Evid Based Nurs doi:10.1136/eb-2012-101198
  • Adult nursing
  • Systematic review and meta-analysis

Exercise improves fatigue during and after breast and prostate cancer treatment, with benefits seen for aerobic exercise

  1. Theresa Pluth Yeo
  1. Department of Surgery, Thomas Jefferson University Hospital, Philadelphia, Pennsylvania, USA
  1. Correspondence to: Theresa Pluth Yeo
    Department of Surgery, Thomas Jefferson University Hospital, 1025 Walnut Street, Suite 605B, Philadelphia, PA 19107, USA; Theresa.yeo{at}

Commentary on: Cramp F, Byron-Daniel J. Exercise for the management of cancer-related fatigue in adults. Cochrane Database Syst Rev 2012;11:CD006145

Implications for practice and research

  • Encouraging cancer patients to follow a structured exercise programme reduces self-reported fatigue.

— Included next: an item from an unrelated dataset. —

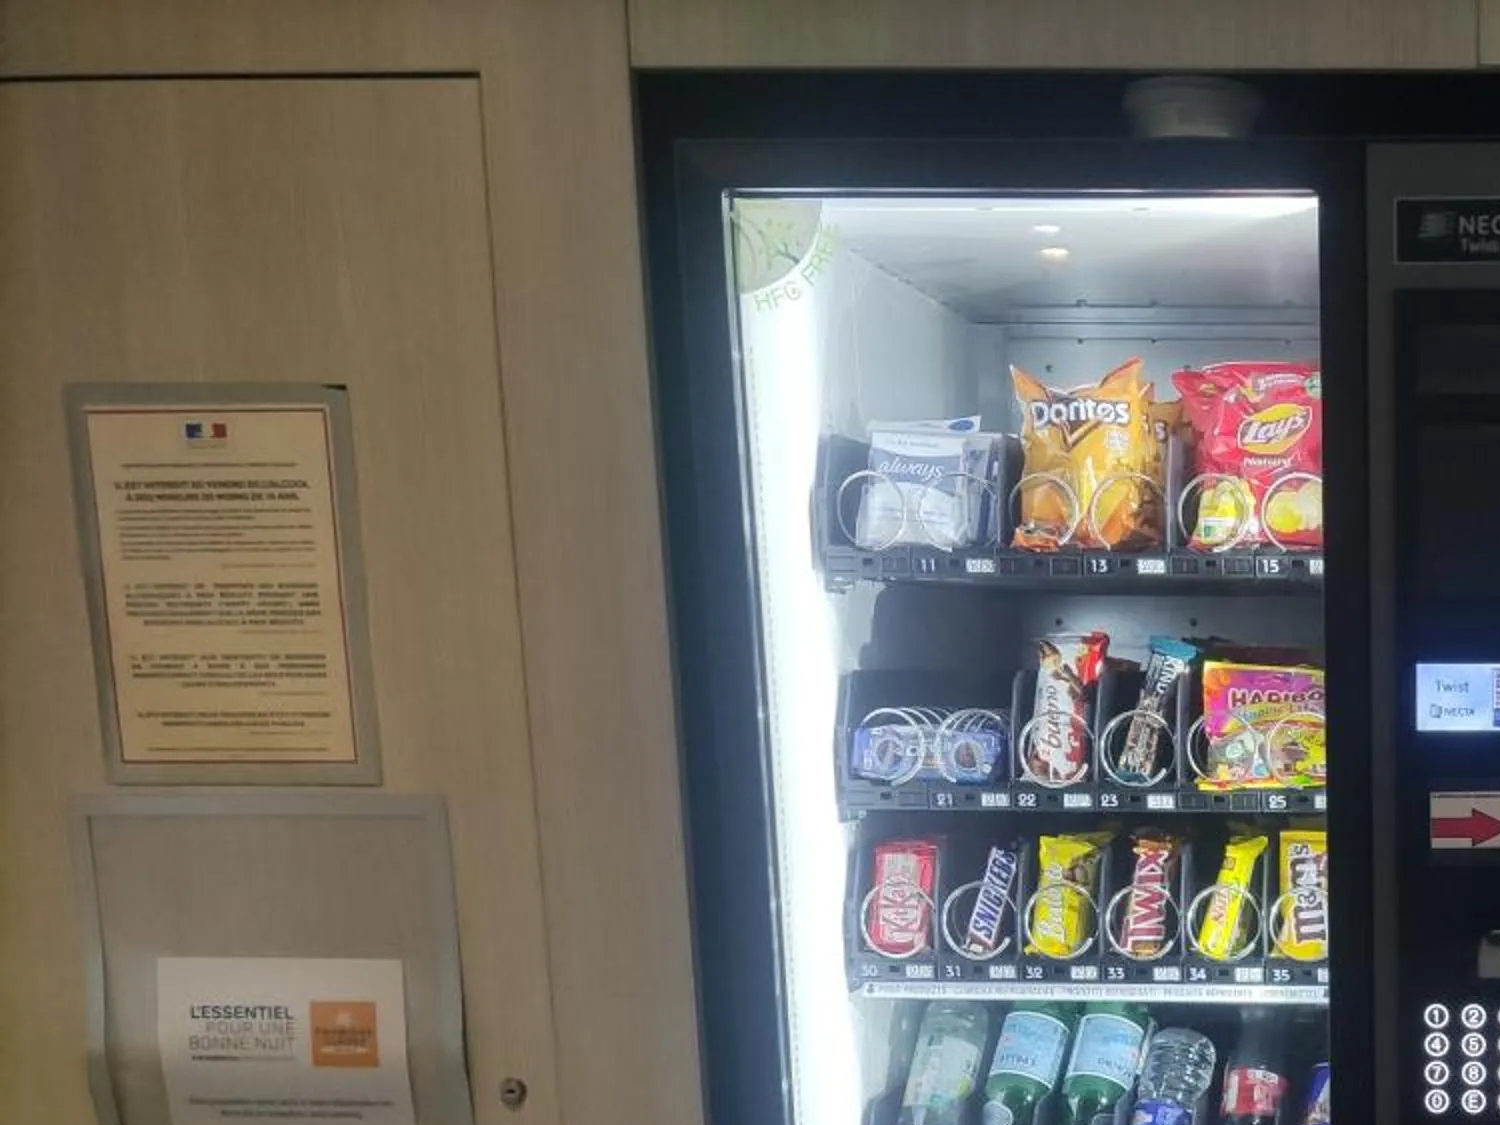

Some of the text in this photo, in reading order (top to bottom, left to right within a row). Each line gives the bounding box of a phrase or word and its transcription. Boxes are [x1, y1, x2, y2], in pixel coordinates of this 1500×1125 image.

  • The optimal exercise programme (aerobic, resistance, mind–body or a combined programme) remains undecided; however, evidence supports regularly participating in an exercise programme either at home or in a formal facility.

  • Longitudinal randomised controlled trials (RCTs) of exercise interventions in cancer patients that include biomarkers of the interacting pathways in cancer-related fatigue, such as the inflammatory, nervous system, metabolic and hypothalamic-pituitary-adrenal (HPA)-axis, are critically needed.


Cramp and Byron-Daniel conducted a systematic review of studies addressing the important issue of exercise and its therapeutic benefit in reducing cancer-related fatigue (CRF) both during and after cancer treatment. Fatigue is a commonly reported symptom among newly diagnosed cancer patients (70–100%), those undergoing treatment and even long-term survivors. CRF is influenced by tumour factors, muscle …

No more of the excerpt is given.